Your task: All of the data that follows is to be written out exactly, with images excluded.

Input data:
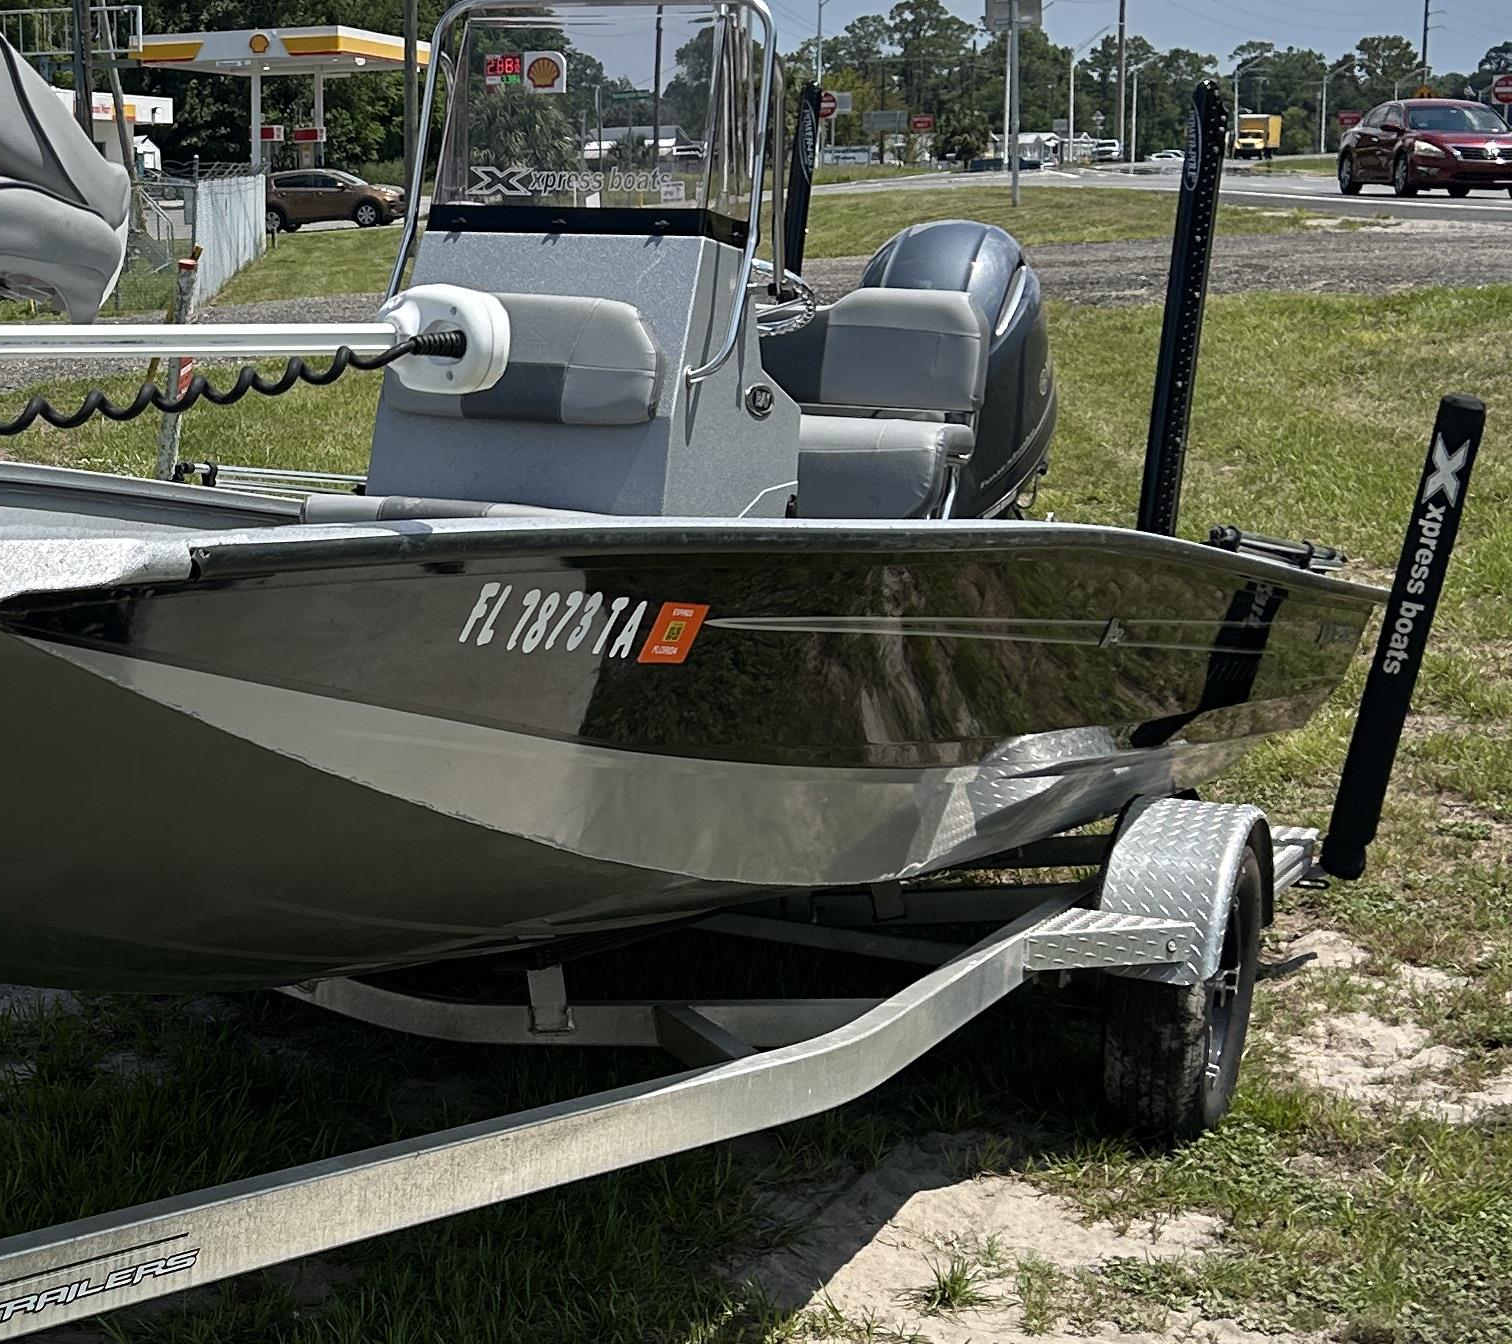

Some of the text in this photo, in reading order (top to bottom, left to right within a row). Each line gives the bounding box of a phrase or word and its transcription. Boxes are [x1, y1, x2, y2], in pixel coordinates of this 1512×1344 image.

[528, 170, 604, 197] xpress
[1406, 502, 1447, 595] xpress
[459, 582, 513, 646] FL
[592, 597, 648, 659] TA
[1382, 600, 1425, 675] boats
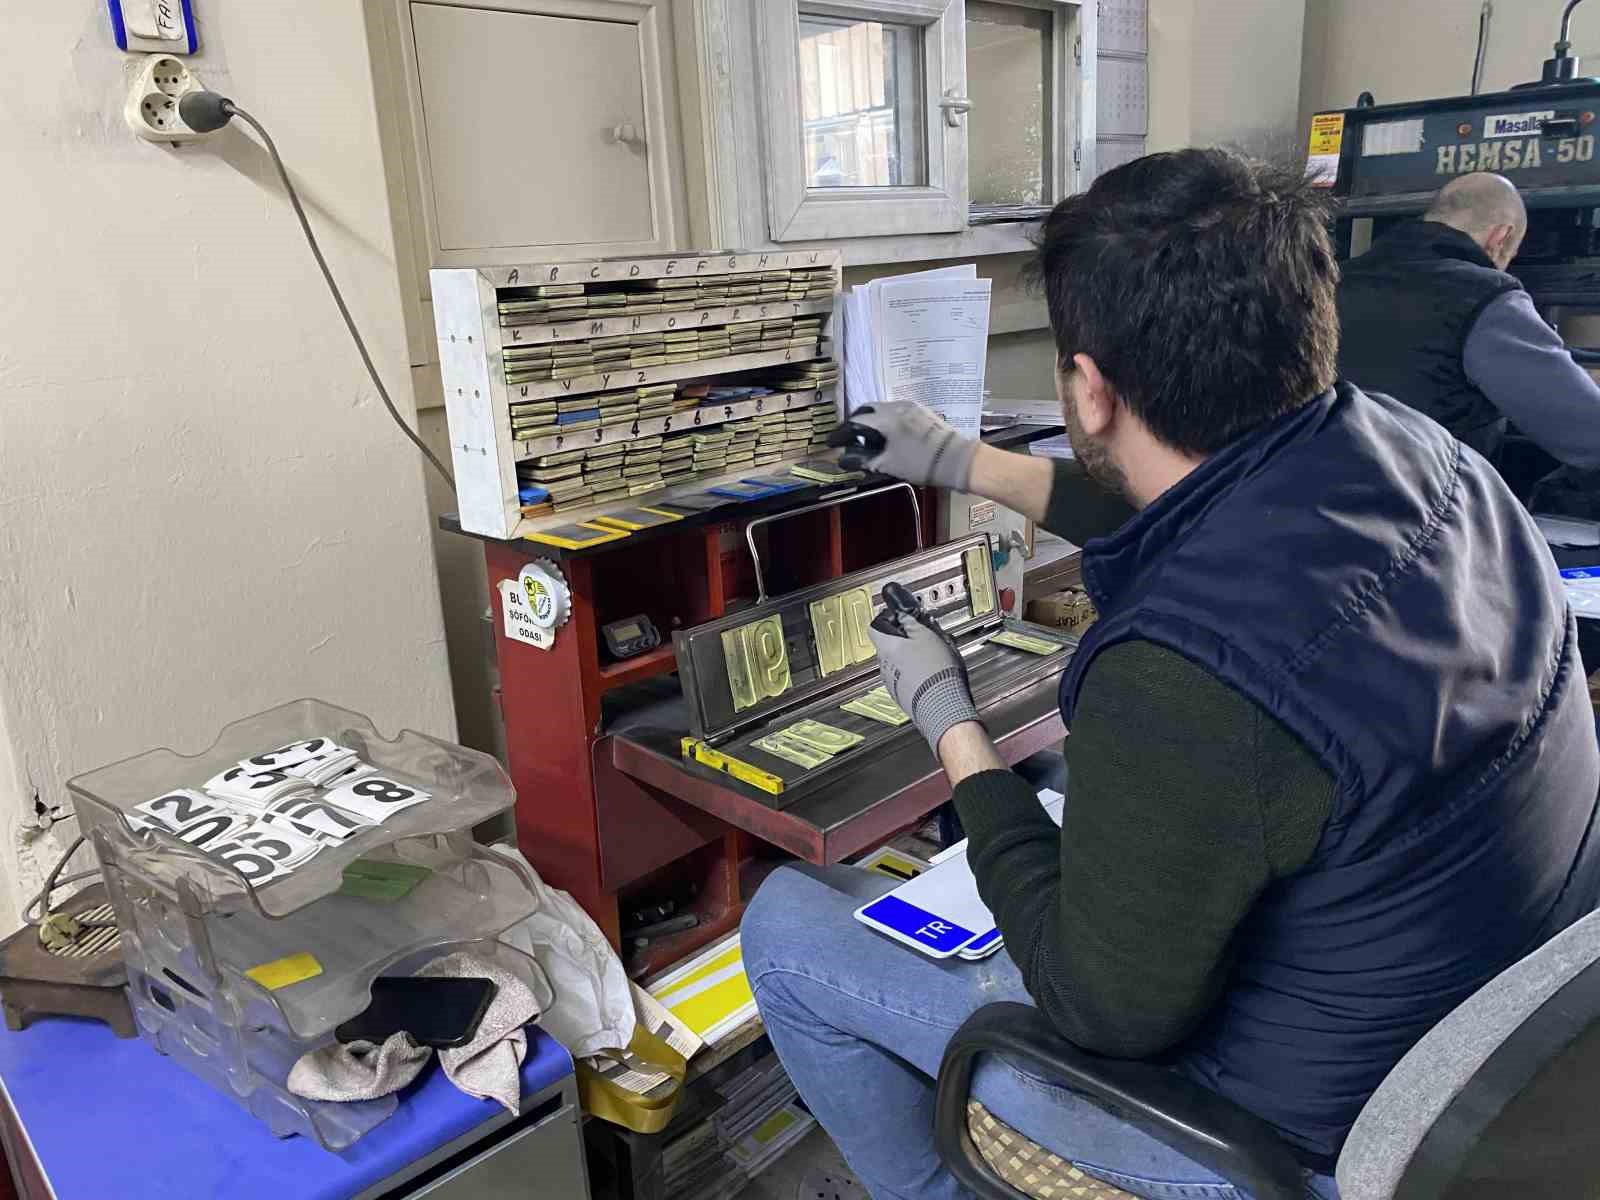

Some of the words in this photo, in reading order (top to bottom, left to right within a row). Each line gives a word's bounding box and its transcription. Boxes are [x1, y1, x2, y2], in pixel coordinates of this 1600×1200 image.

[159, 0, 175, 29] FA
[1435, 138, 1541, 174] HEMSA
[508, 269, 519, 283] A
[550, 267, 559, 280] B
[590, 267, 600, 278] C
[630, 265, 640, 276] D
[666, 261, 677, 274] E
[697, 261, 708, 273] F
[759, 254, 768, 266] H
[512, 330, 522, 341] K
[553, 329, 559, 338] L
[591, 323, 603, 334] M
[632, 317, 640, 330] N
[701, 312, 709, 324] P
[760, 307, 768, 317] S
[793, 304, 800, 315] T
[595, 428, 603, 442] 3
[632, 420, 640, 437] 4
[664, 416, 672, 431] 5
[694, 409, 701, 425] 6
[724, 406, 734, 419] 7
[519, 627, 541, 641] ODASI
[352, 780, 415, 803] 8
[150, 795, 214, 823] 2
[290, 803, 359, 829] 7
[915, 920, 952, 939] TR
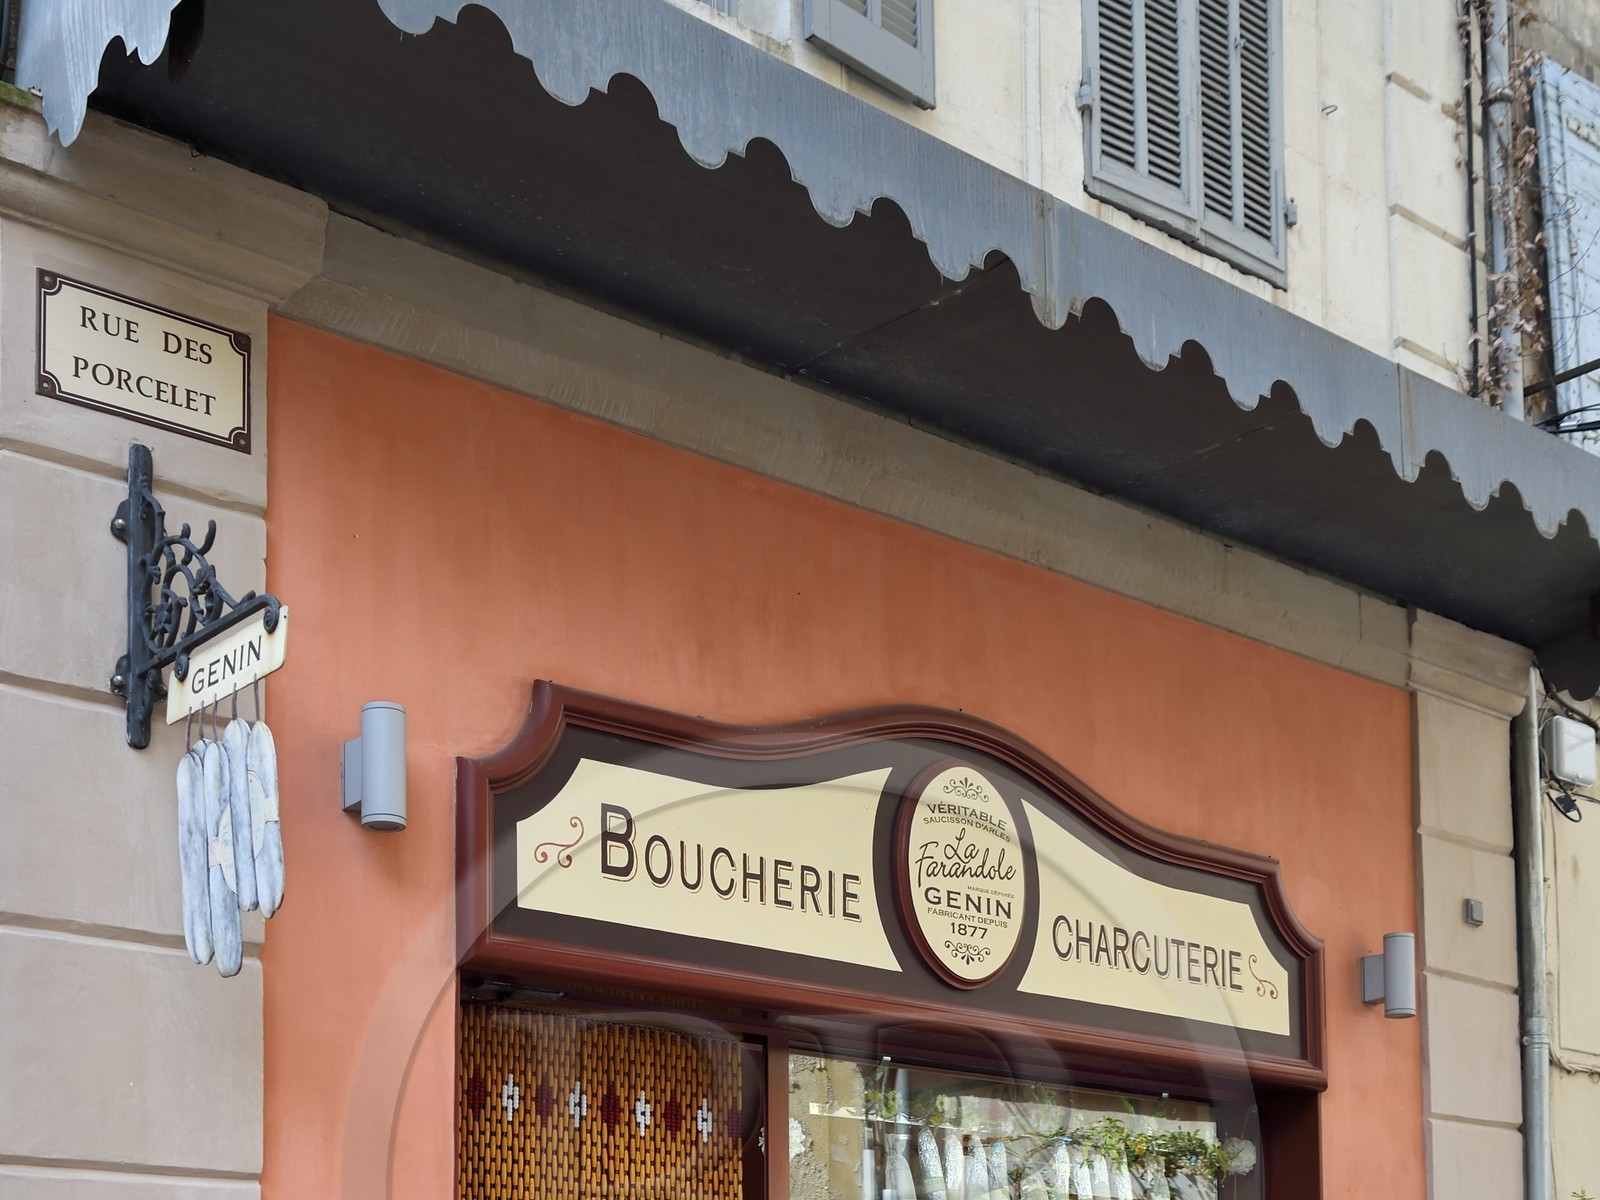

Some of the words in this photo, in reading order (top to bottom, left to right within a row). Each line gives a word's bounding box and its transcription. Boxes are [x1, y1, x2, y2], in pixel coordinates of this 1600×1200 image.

Response:
Some of the text in this photo, in reading order (top to bottom, left to right within a row). Each line gives the bounding box of a phrase or word and its transcription. Boxes are [x1, y1, x2, y2], in pixel coordinates of this 1512×1344 image.

[528, 170, 604, 197] xpress
[1406, 502, 1447, 595] xpress
[459, 582, 513, 646] FL
[592, 597, 648, 659] TA
[1382, 600, 1425, 675] boats

Some of the words in this photo, in reading order (top to bottom, left to right within a row). Each line gives a word's bounding box and its transcription. Boxes are [x1, y1, x2, y2], in pixel coordinates of this 1600×1200 image.

[159, 0, 175, 29] FA
[1435, 138, 1541, 174] HEMSA
[508, 269, 519, 283] A
[550, 267, 559, 280] B
[590, 267, 600, 278] C
[630, 265, 640, 276] D
[666, 261, 677, 274] E
[697, 261, 708, 273] F
[759, 254, 768, 266] H
[512, 330, 522, 341] K
[553, 329, 559, 338] L
[591, 323, 603, 334] M
[632, 317, 640, 330] N
[701, 312, 709, 324] P
[760, 307, 768, 317] S
[793, 304, 800, 315] T
[595, 428, 603, 442] 3
[632, 420, 640, 437] 4
[664, 416, 672, 431] 5
[694, 409, 701, 425] 6
[724, 406, 734, 419] 7
[519, 627, 541, 641] ODASI
[352, 780, 415, 803] 8
[150, 795, 214, 823] 2
[290, 803, 359, 829] 7
[915, 920, 952, 939] TR

Some of the words in this photo, in reading order (top to bottom, left to right within a row). Each line gives a word's bounding box and its transcription. Boxes are [x1, y1, x2, y2], in pixel coordinates of this 1600×1200 image.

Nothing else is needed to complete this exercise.